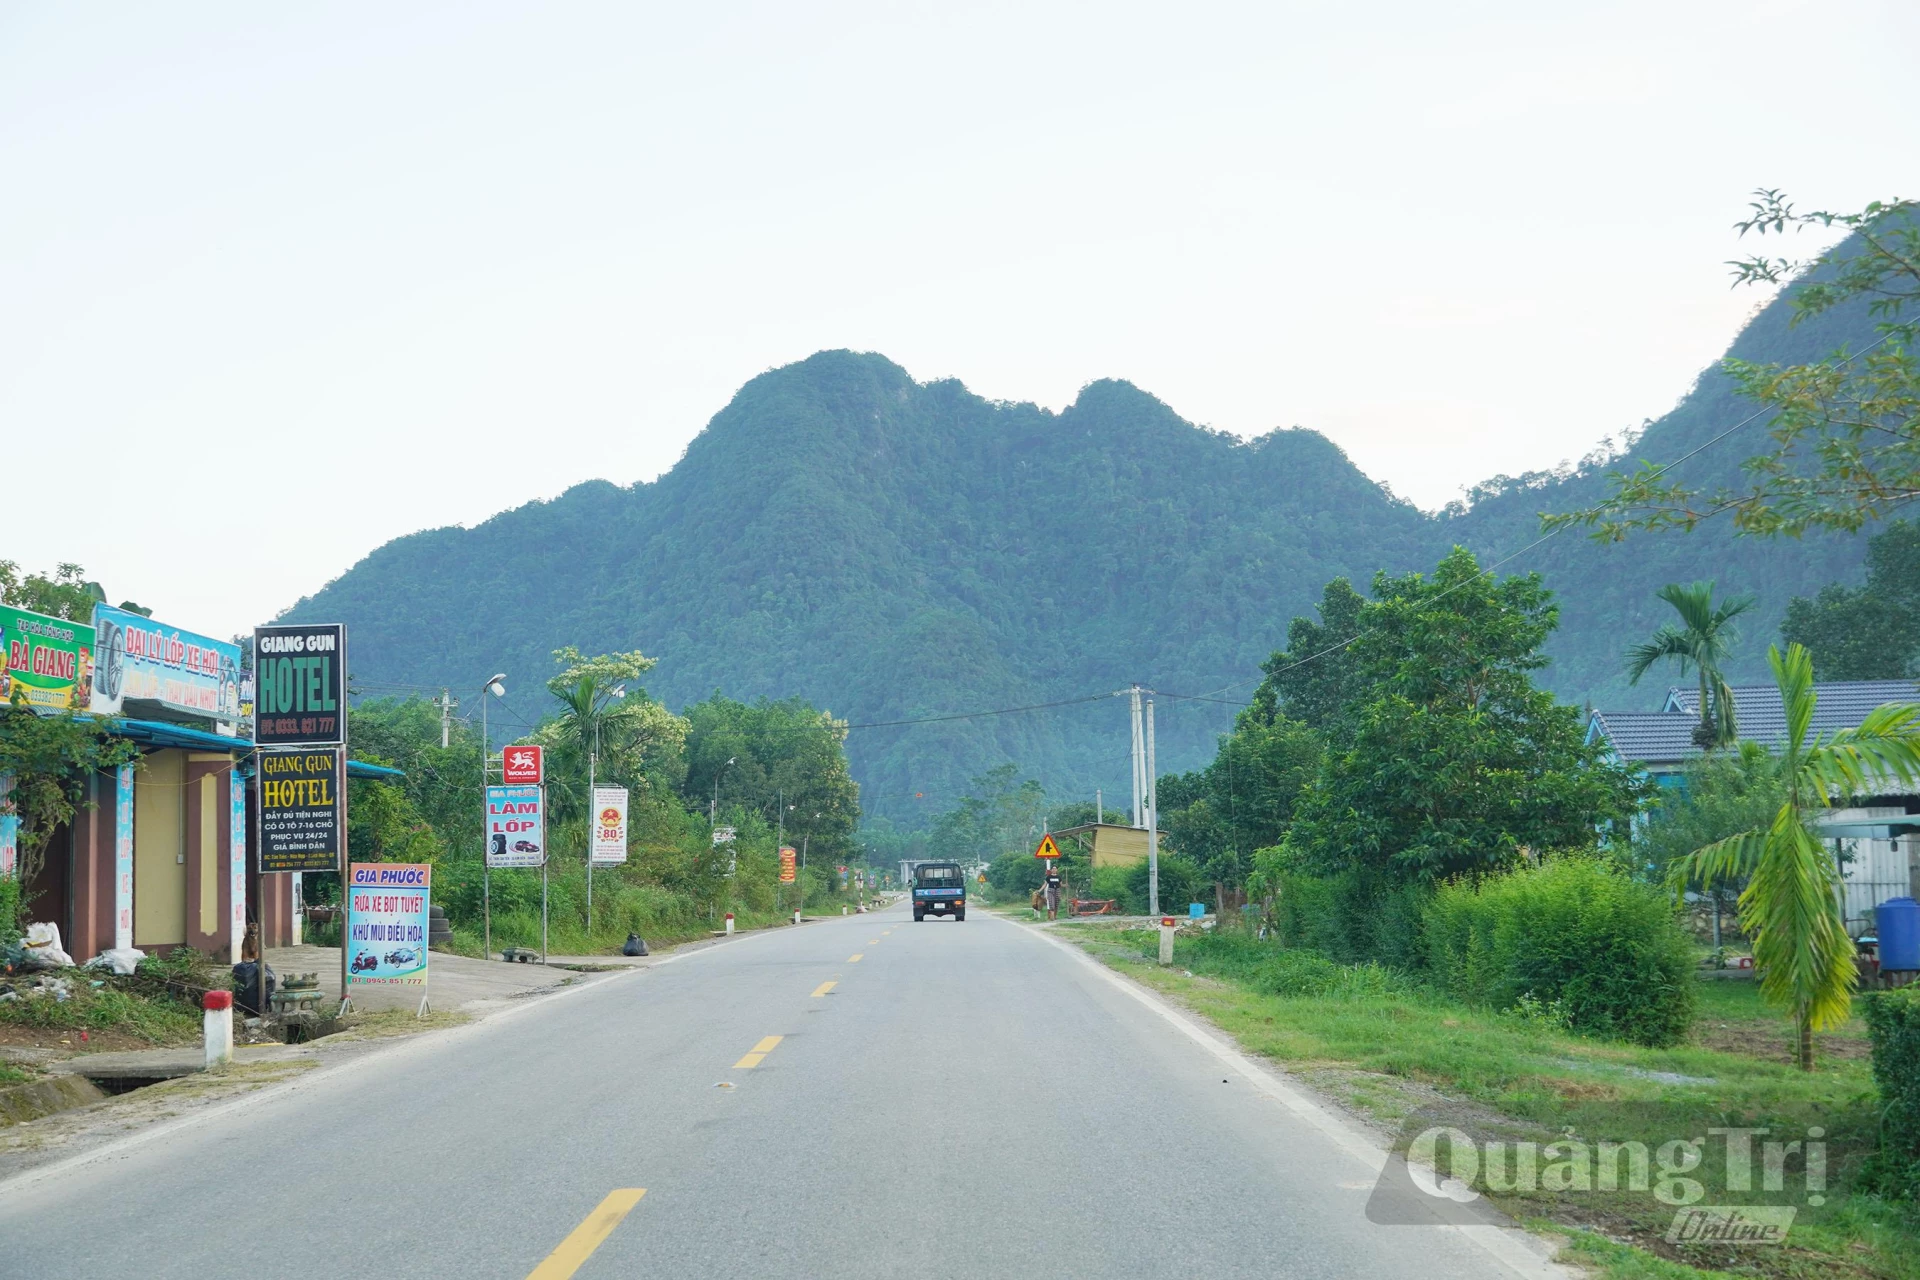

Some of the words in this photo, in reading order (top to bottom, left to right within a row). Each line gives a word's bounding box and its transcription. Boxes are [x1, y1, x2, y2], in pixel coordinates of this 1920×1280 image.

[126, 625, 146, 664] ĐẠI
[148, 629, 163, 664] LÝ
[164, 631, 185, 668] LỐP
[187, 643, 201, 673] XE
[202, 646, 220, 678] HƠI
[260, 636, 304, 653] GIANG
[306, 635, 335, 651] GUN
[10, 635, 30, 673] BÀ
[33, 645, 75, 680] GIANG
[260, 656, 336, 713] HOTEL
[319, 717, 335, 732] 777
[263, 756, 302, 776] GIANG
[305, 755, 332, 774] GUN
[263, 779, 334, 808] HOTEL
[283, 810, 294, 819] ĐỦ
[312, 811, 332, 819] NGHI
[490, 801, 538, 815] LÀM
[264, 820, 278, 831] CÓ
[287, 819, 297, 829] TÔ
[298, 821, 314, 830] 7-16
[492, 818, 535, 833] LỐP
[270, 833, 292, 842] PHỤC
[306, 831, 328, 840] 24/24
[603, 829, 617, 839] 80
[273, 842, 288, 851] GIÁ
[289, 841, 307, 850] BÌNH
[308, 841, 325, 850] DÂN
[355, 869, 377, 882] GIA
[380, 867, 424, 883] PHƯỚC
[354, 890, 370, 912] RỬA
[372, 896, 381, 912] XE
[384, 896, 398, 916] BỌT
[401, 893, 424, 913] TUYẾT
[352, 919, 369, 940] KHỬ
[370, 921, 385, 940] MÙI
[407, 922, 423, 941] HÒA
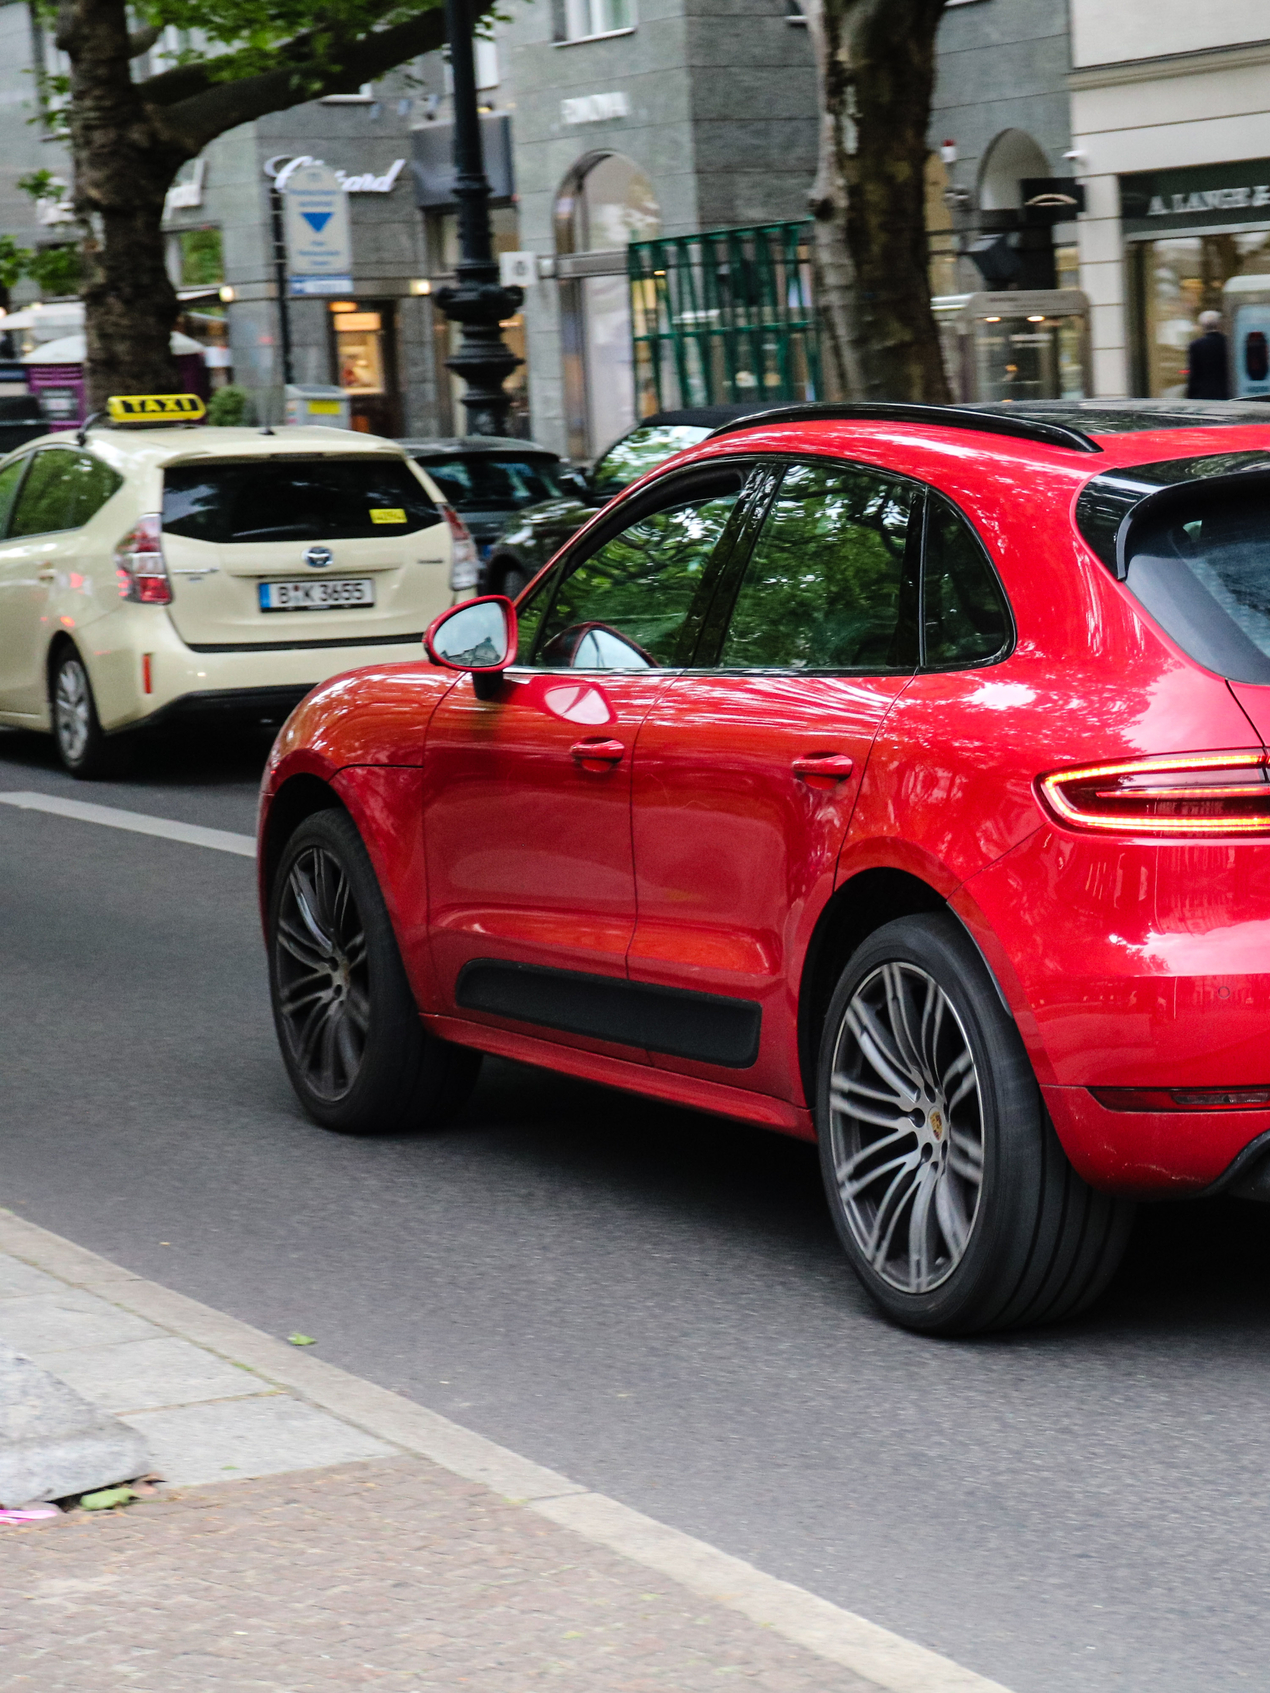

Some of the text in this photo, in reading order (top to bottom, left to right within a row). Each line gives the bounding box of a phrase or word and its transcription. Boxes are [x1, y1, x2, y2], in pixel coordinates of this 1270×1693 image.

** What you will do **
Pictures in the records must not appear in the copy; transcribe everything else precisely.

** Response area **
Some of the words in this photo, in reading order (top to bottom, left to right within a row). Each line gives a word's bounding box and its transcription. Boxes are [x1, y1, x2, y2], in pixel coordinates of this 1920×1280 image.

[126, 625, 146, 664] ĐẠI
[148, 629, 163, 664] LÝ
[164, 631, 185, 668] LỐP
[187, 643, 201, 673] XE
[202, 646, 220, 678] HƠI
[260, 636, 304, 653] GIANG
[306, 635, 335, 651] GUN
[10, 635, 30, 673] BÀ
[33, 645, 75, 680] GIANG
[260, 656, 336, 713] HOTEL
[319, 717, 335, 732] 777
[263, 756, 302, 776] GIANG
[305, 755, 332, 774] GUN
[263, 779, 334, 808] HOTEL
[283, 810, 294, 819] ĐỦ
[312, 811, 332, 819] NGHI
[490, 801, 538, 815] LÀM
[264, 820, 278, 831] CÓ
[287, 819, 297, 829] TÔ
[298, 821, 314, 830] 7-16
[492, 818, 535, 833] LỐP
[270, 833, 292, 842] PHỤC
[306, 831, 328, 840] 24/24
[603, 829, 617, 839] 80
[273, 842, 288, 851] GIÁ
[289, 841, 307, 850] BÌNH
[308, 841, 325, 850] DÂN
[355, 869, 377, 882] GIA
[380, 867, 424, 883] PHƯỚC
[354, 890, 370, 912] RỬA
[372, 896, 381, 912] XE
[384, 896, 398, 916] BỌT
[401, 893, 424, 913] TUYẾT
[352, 919, 369, 940] KHỬ
[370, 921, 385, 940] MÙI
[407, 922, 423, 941] HÒA

Some of the text in this photo, in reading order (top to bottom, left to right within a row). Each line gives the bounding box of a phrase or word and its transcription. Boxes are [x1, y1, x2, y2], in pixel coordinates of this 1270×1693 image.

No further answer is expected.